Grokking, a New Form of Reasoning
๐ Abstract
The article discusses the limitations of current large language models (LLMs) and introduces a technique called "grokking" that can potentially make small LLMs much smarter than the current frontier AI models. It explores how grokking allows models to go beyond just memorizing data and develop a deeper, more holistic understanding.
๐ Q&A
[01] The Limitations of Current LLMs
1. What are the four ways an AI can reason, according to the article?
- Implicit reasoning
- Prompted "thought" generation
- Few-shot reasoning
- Active search reasoning
2. Why are the second and third options (prompted "thought" generation and few-shot reasoning) limited and mediocre in their results? The article states that in both cases, the results are "pretty mediocre and, as we will see in a minute, outright inferior to the method we are seeing today."
3. Why is the fourth option (active search reasoning) too complex or expensive? The article mentions that "the sheer scale of compute and memory requirements that this paradigm requires makes it today a wet dream far from reality."
4. What are some examples provided to show that current LLMs cannot reason effectively over their knowledge?
- Failing to infer that Barack Obama's wife was born in 1964 when given the fact that Barack Obama was born in 1961.
- Failing to infer that if Alice has 10 brothers and 10 sisters, any of the brothers must also have 10 sisters.
[02] Grokking: A Potential Solution
1. What is the key idea behind the technique of "grokking"? Grokking involves training models well beyond the point of overfitting, which is traditionally seen as something to avoid.

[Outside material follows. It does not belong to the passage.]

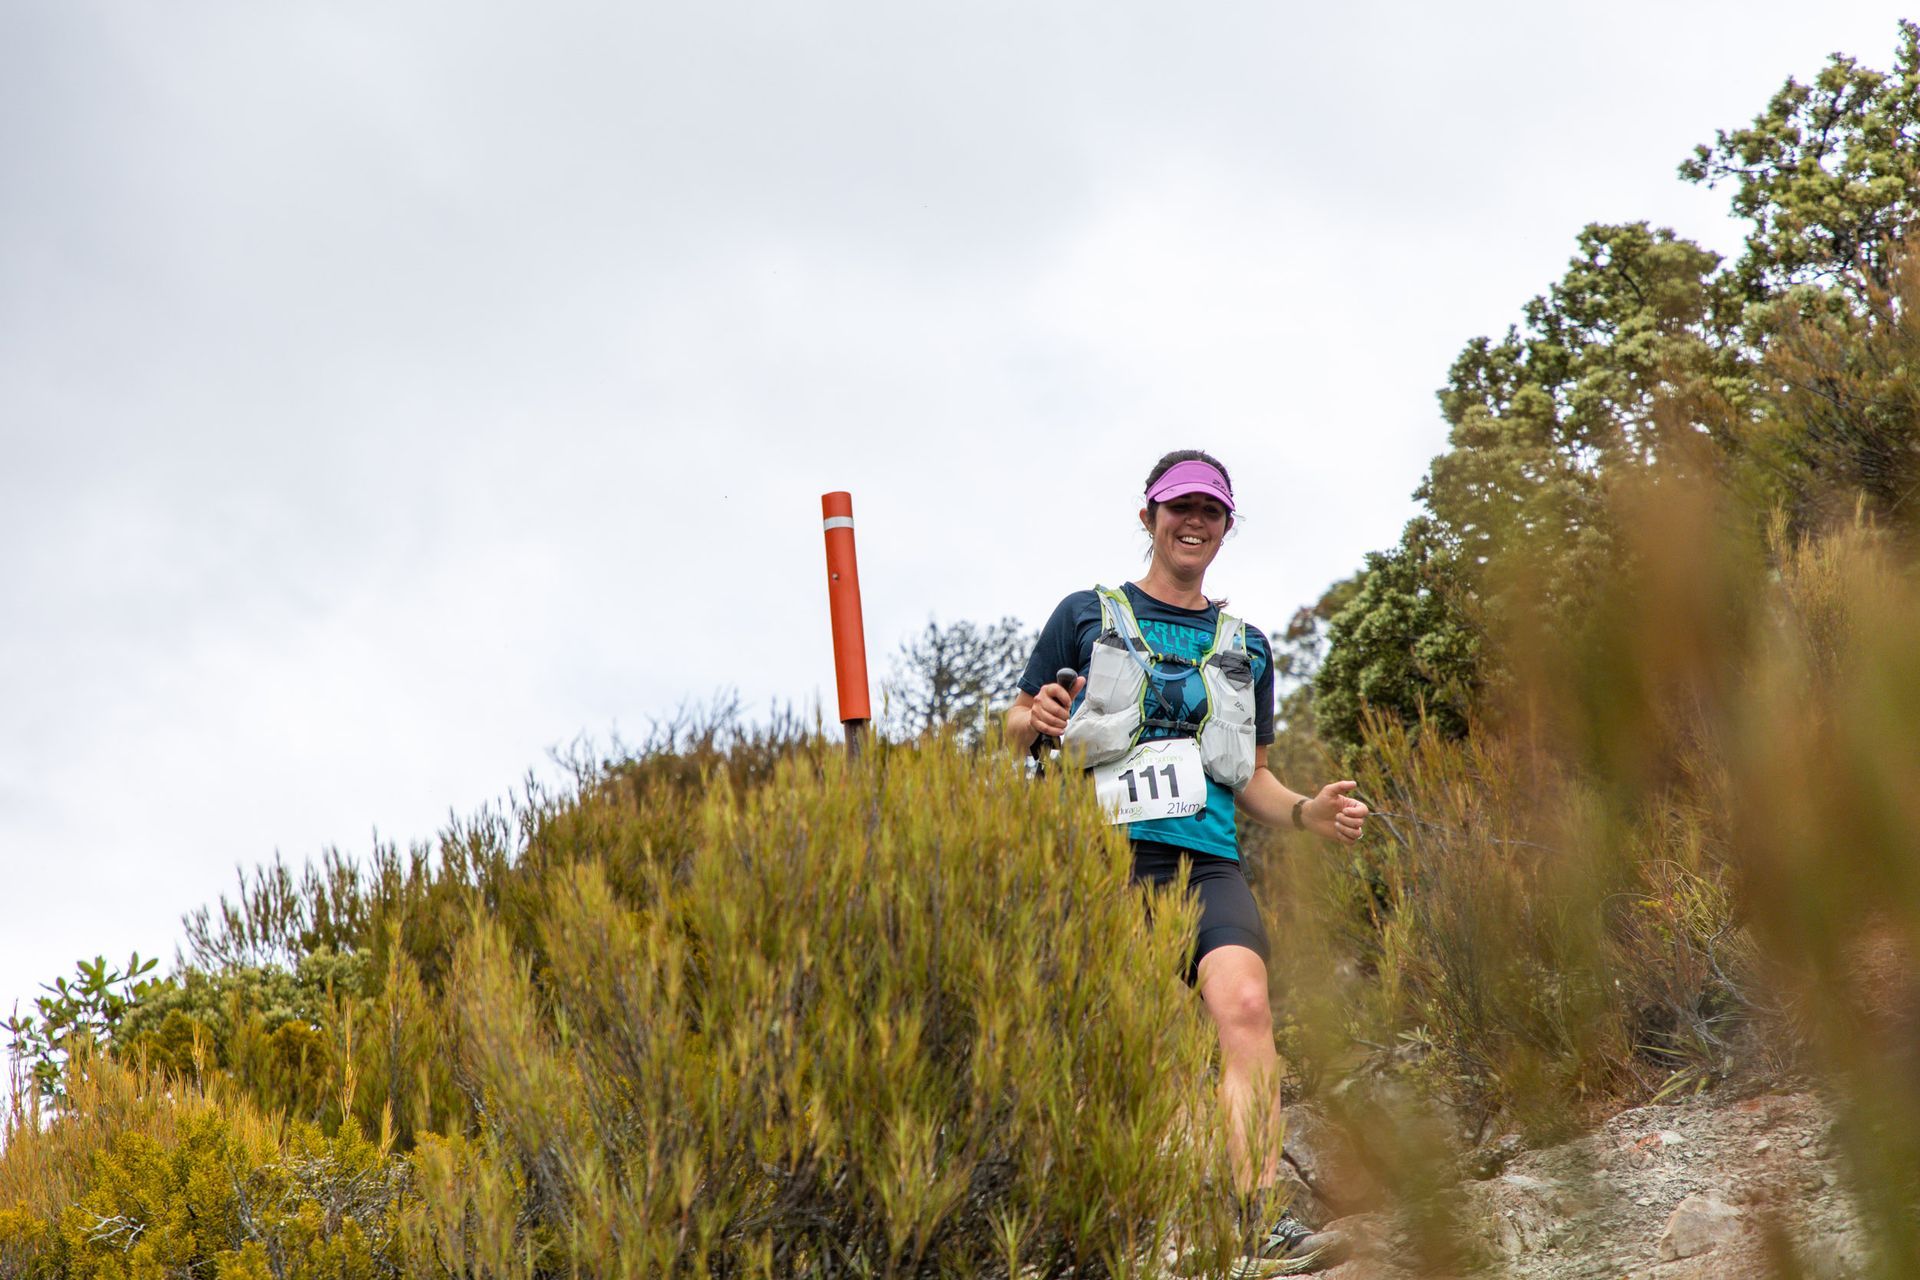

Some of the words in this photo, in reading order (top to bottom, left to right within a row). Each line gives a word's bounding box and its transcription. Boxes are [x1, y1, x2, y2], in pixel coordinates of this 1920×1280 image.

[1139, 619, 1211, 641] PRIN
[1145, 630, 1200, 653] ALLE
[1118, 763, 1180, 803] 111
[1167, 802, 1200, 814] 21km

By continuing to train the model on the same data, it can develop a more holistic and generalized understanding, rather than just memorizing the training data.
2. How does grokking allow models to go beyond just memorizing data and develop a deeper understanding? The article explains that by repeatedly exposing the model to the same data, it starts to find simpler, more generalizable solutions, rather than just memorizing specific patterns. This allows the model to develop a more fundamental understanding of the underlying concepts.

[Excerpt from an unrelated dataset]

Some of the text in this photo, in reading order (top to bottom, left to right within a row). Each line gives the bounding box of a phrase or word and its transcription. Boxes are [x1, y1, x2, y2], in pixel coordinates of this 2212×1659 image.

3. How does grokking enable small models to outperform much larger frontier AI models in reasoning tasks? The article provides an example where a grokked GPT-2 level model (1.5 billion parameters) was able to outperform much larger models like GPT-4 Turbo and Gemini 1.5 Pro in complex reasoning tasks. This suggests that grokking can be a powerful technique for training more effective reasoners with smaller model sizes.
4. What are the potential implications of grokked models for the AI industry and investment landscape? The article suggests that grokked models could be a "compression factor," creating powerful reasoners that are much smaller and cheaper to run than frontier models. This could challenge the current industry focus on building ever-larger models and the associated hardware and infrastructure investments.